## How many 4-digit numbers are divisible by 3 and have 23 as their last two digits??

**Answer**

Let X be your 4 digit number.

X = ‘ab23’ = 1000a + 100b + 2*10 + 3

= ( a + b + 2 ) + 999a + 99b + 21

= ( a + b + 2 ) + 3 x ( 333a + 33b + 7 )

Thus, if 3 divides X we must have 3 divide ( a + b + 2 ). In other words, ( a + b + 2 ) is a multiple of 3, say 3k where k is a positive integer.

Thus, ( a + b + 2 ) = 3k. But note that since a & b are both digits of a numeber in base 10, thus they belong to the interval [0,9]. That is

( a + b + 2 ) > 0 + 0 + 2 = 2, that is ( a + b + 2 ) > 2. and

( a + b + 2 ) < 9 + 9 + 2 = 20, that is ( a + b + 2 ) < 20

Since ( a + b + 2 ) = 3k , we get.,

2 < 3k < 20, or , 2/3 < k < 20/3 < 7.

Hence the only “integer” possibilities for k are

k = 1,2,3,4,5,6.

We get ( a + b + 2 ) = 3, 6, 9, 12, 15, 18 or equivalently,

( a + b ) = 1, 4, 7, 10, 13, 16.

So for “each” these “equations”, how many solutions are there? The number of solutions for the (a+b=above) is the number of 4 digit numbers that are divisible by 3 and have 23 as their last two digits… How do we proceed?

We will use a “theorem”.

For x(1) + x(2) + … x(k) = m. where k & m are positive integers, the number of solutions in positive integers is :

C( m – 1, m – k ) = (m -1)! / [( m – k )! * ( k – 1)! ]. Note that x(1) is variable 1, x(2) is variable 2 etc.

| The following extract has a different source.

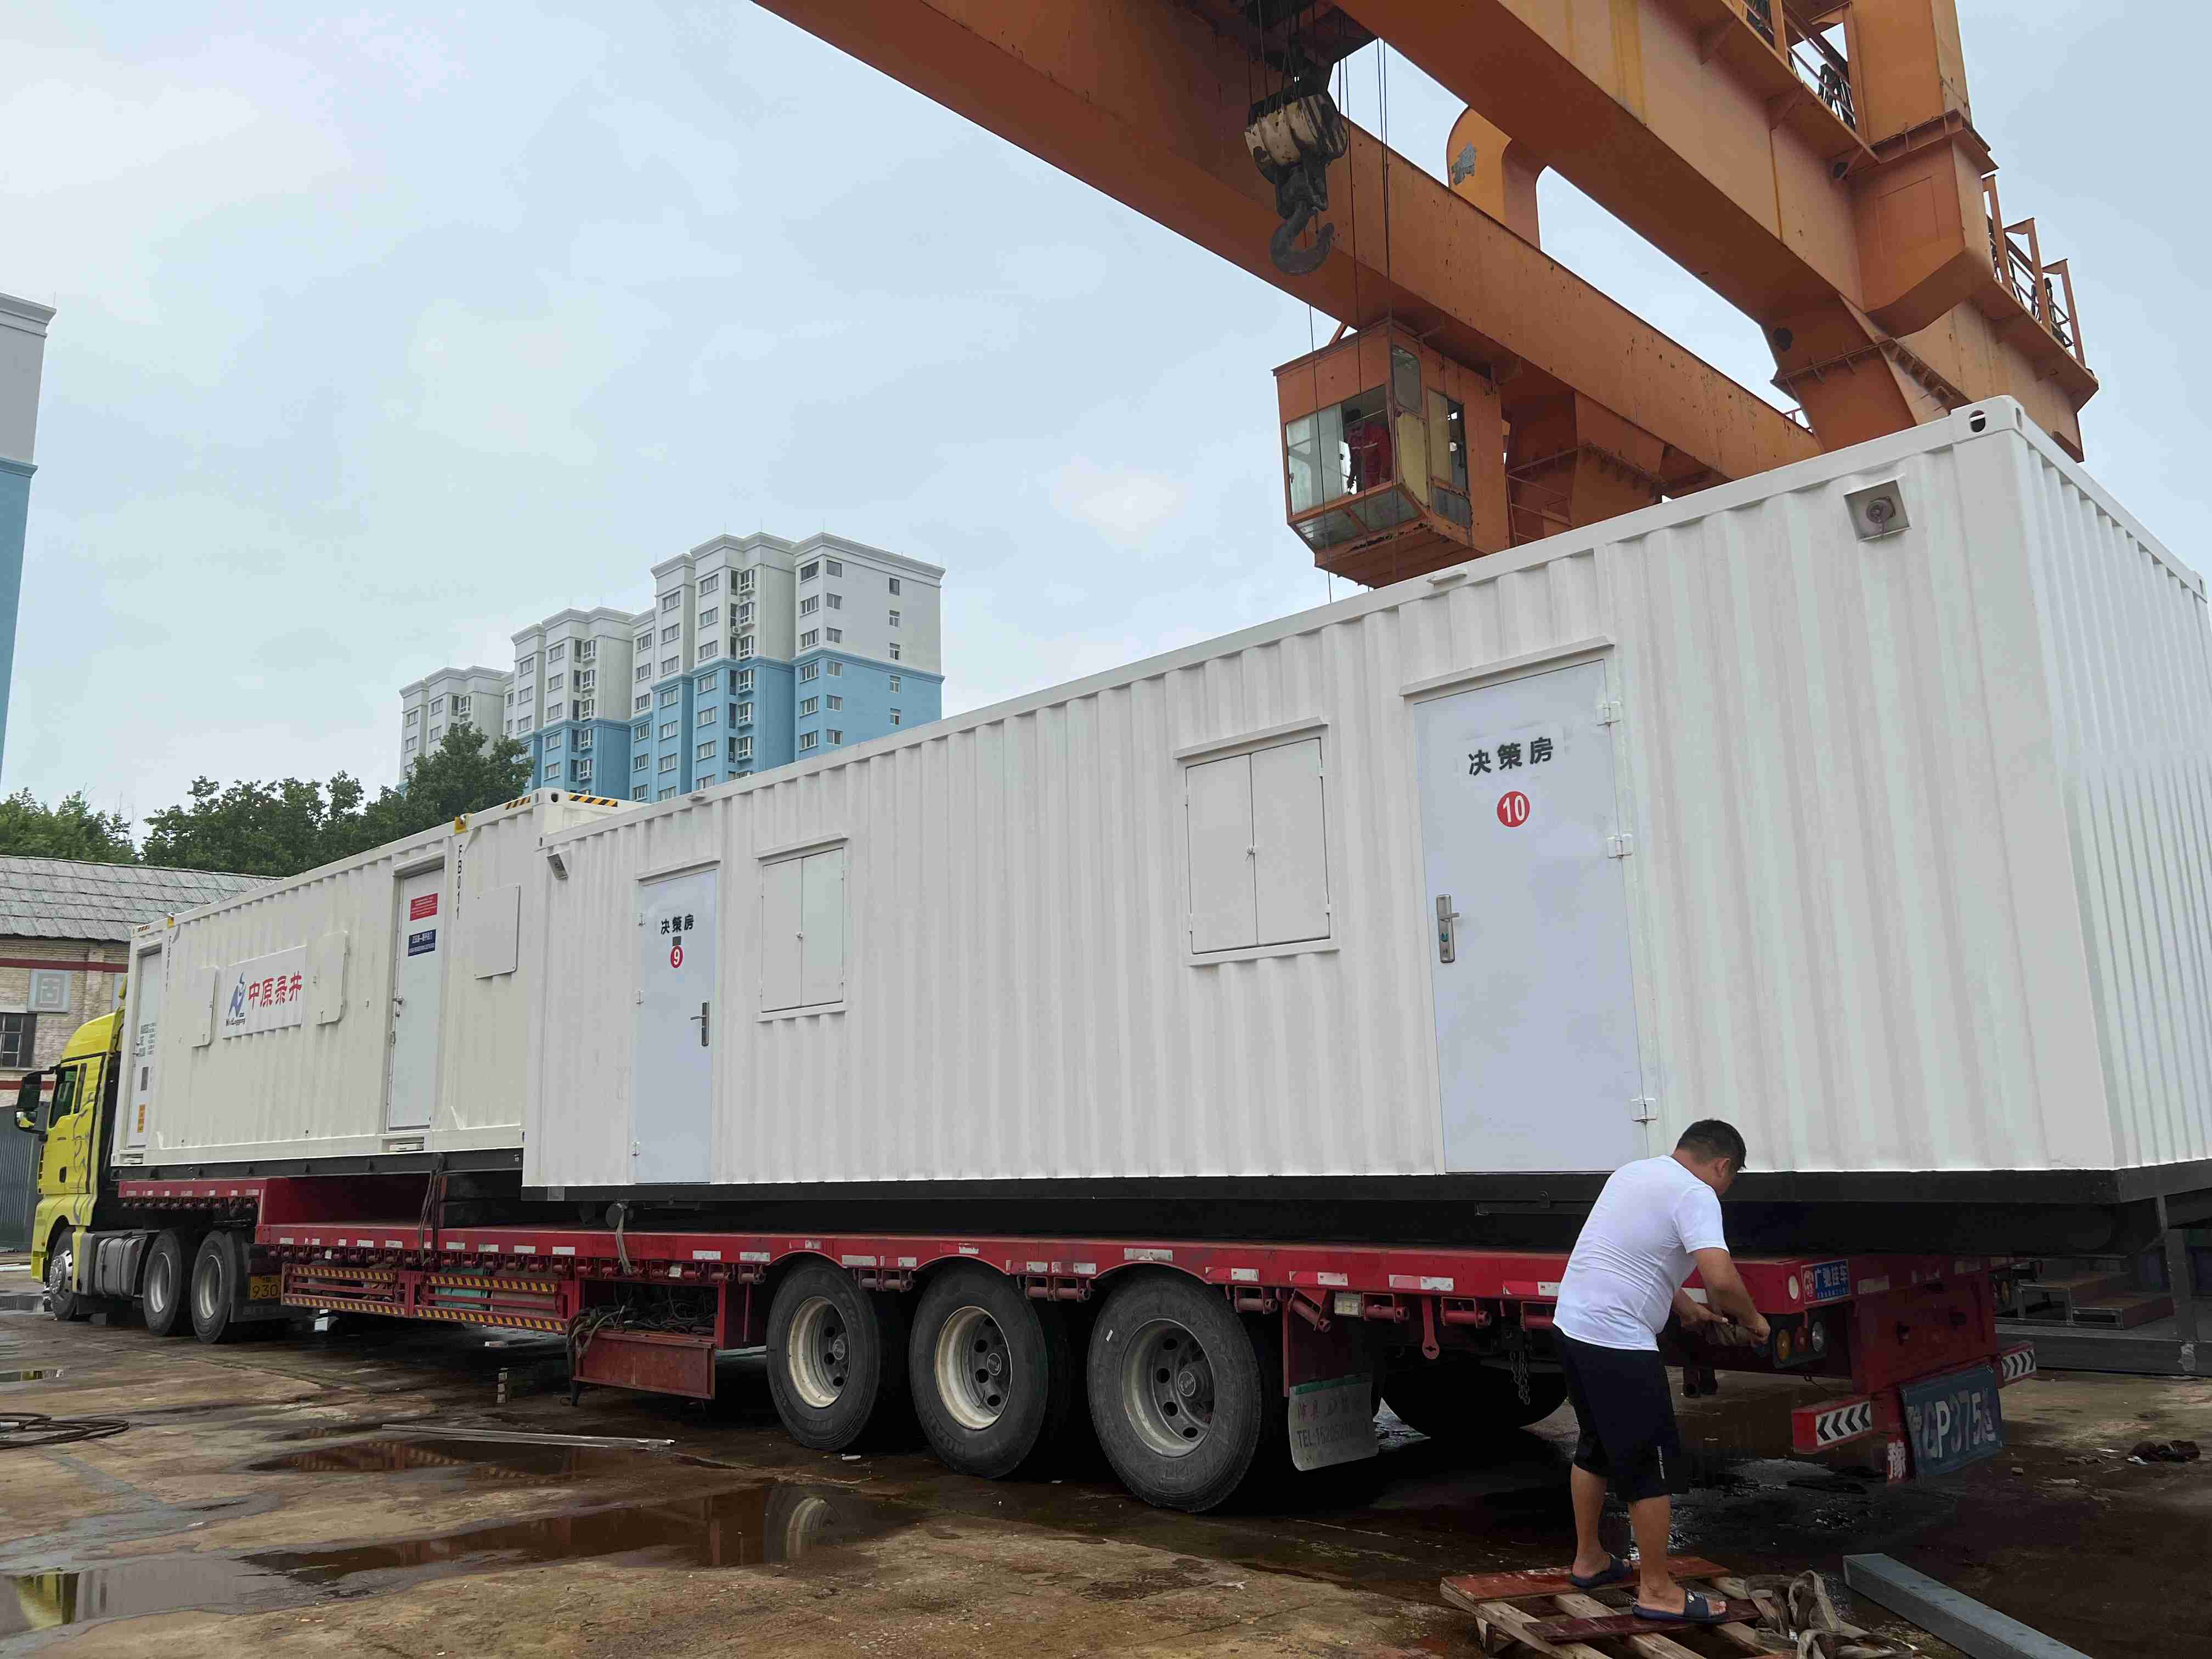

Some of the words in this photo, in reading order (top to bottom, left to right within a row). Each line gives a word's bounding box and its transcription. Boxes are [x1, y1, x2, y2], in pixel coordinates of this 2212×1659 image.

And, n! = n x (n -1) x (n -2)x … 2 x 1

The “theorem” above only deals with “positive integers” in its indicies but we have “zero as a possible answer as well”.

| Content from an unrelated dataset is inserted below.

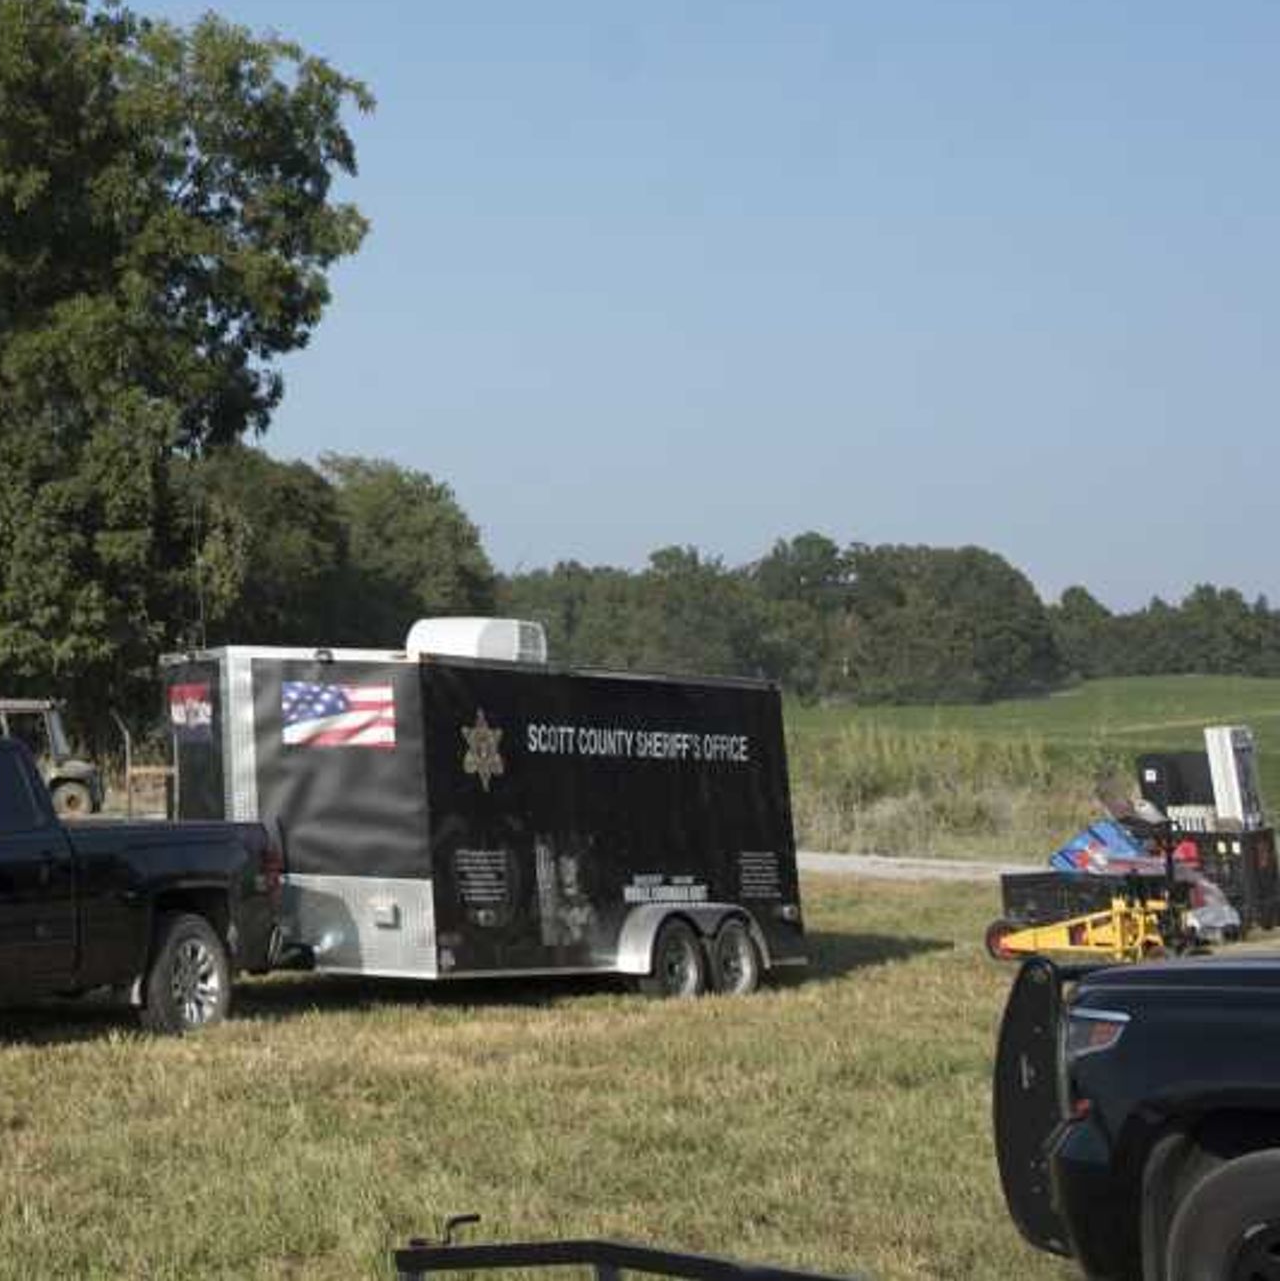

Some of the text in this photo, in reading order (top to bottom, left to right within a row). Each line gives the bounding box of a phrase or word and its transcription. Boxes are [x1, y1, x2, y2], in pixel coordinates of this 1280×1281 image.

Therefore we find first “positive integer solutions” and count the number “solutions which have one of a,b, = 0” later.

For a + b = 1. Since a cannot be zero ( first digit ) thus only solution is (a,b) = (1,0). One answer here.

Number of positive integer solutions for a+b= 4 means that in the above, k = 2 & m = 4. Thus the number of solutions is just = C( m – 1, m – k ) = C( 3, 2 )= (m -1)! / [( m – k )! * ( k – 1)!

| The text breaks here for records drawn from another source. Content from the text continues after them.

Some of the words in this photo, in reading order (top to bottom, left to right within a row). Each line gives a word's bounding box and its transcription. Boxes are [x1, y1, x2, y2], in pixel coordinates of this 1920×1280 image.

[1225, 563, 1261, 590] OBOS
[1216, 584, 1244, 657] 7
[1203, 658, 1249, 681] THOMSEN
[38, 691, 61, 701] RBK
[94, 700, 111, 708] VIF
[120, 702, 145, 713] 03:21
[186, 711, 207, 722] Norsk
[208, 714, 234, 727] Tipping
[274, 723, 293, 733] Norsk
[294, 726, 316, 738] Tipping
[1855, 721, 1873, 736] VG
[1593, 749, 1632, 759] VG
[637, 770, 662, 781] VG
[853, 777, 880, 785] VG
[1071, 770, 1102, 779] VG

=[ 3! ] / [ 2! * 1! ] = 3. That is there are 3 solutions in positive integers implying 3 three digit numbers in this case.

We proceed “similarly” for ( a + b ) = 7, 10, 13, 16 and get,

The number of 3 digit numbers

= C ( 6 , 5 ) + C ( 9 , 8 ) + C ( 12 , 11 ) + C ( 15 , 14 )

= 6 + 9 + 12 + 15

= 42.

Hence, we have for positive integers a & b, and ( a + b ) = 1, 4, 7, 10, 13, 16.

We have a total of

= 1 + 3 + 42 = 46 integers that satisfy our problem.

What about the case where ” one of a & b = 0 “? Since the “theorem” above is only valid for the number of “positive integer solutions”. Indeed consider

( a + b ) = 1, 4, 7, 10, 13, 16 again.

If one of a or b is = 0, since a CANNOT be zero ( first digit of an integer ), this b = 0. But if b = 0, the equations above yields,

a = 1, 4, 7, 10, 13, 16. Since ‘a’ is a digit of a number it can only assume values between 1 to 9. Thus a = 1,4,7 for b = 0 are the only “valid” answers here. Since we have “counted” for the answer pair (a,b) = (1,0) earlier [ see above ] , Thus in this case we have “two new” solutions that is (a,b) = (4,0) and (7,0). That is two answers for this case.

Summing up, we can conclude that

the “total” number of integers that satisfy the condition of the problem = 46 + 2 = 48 integers.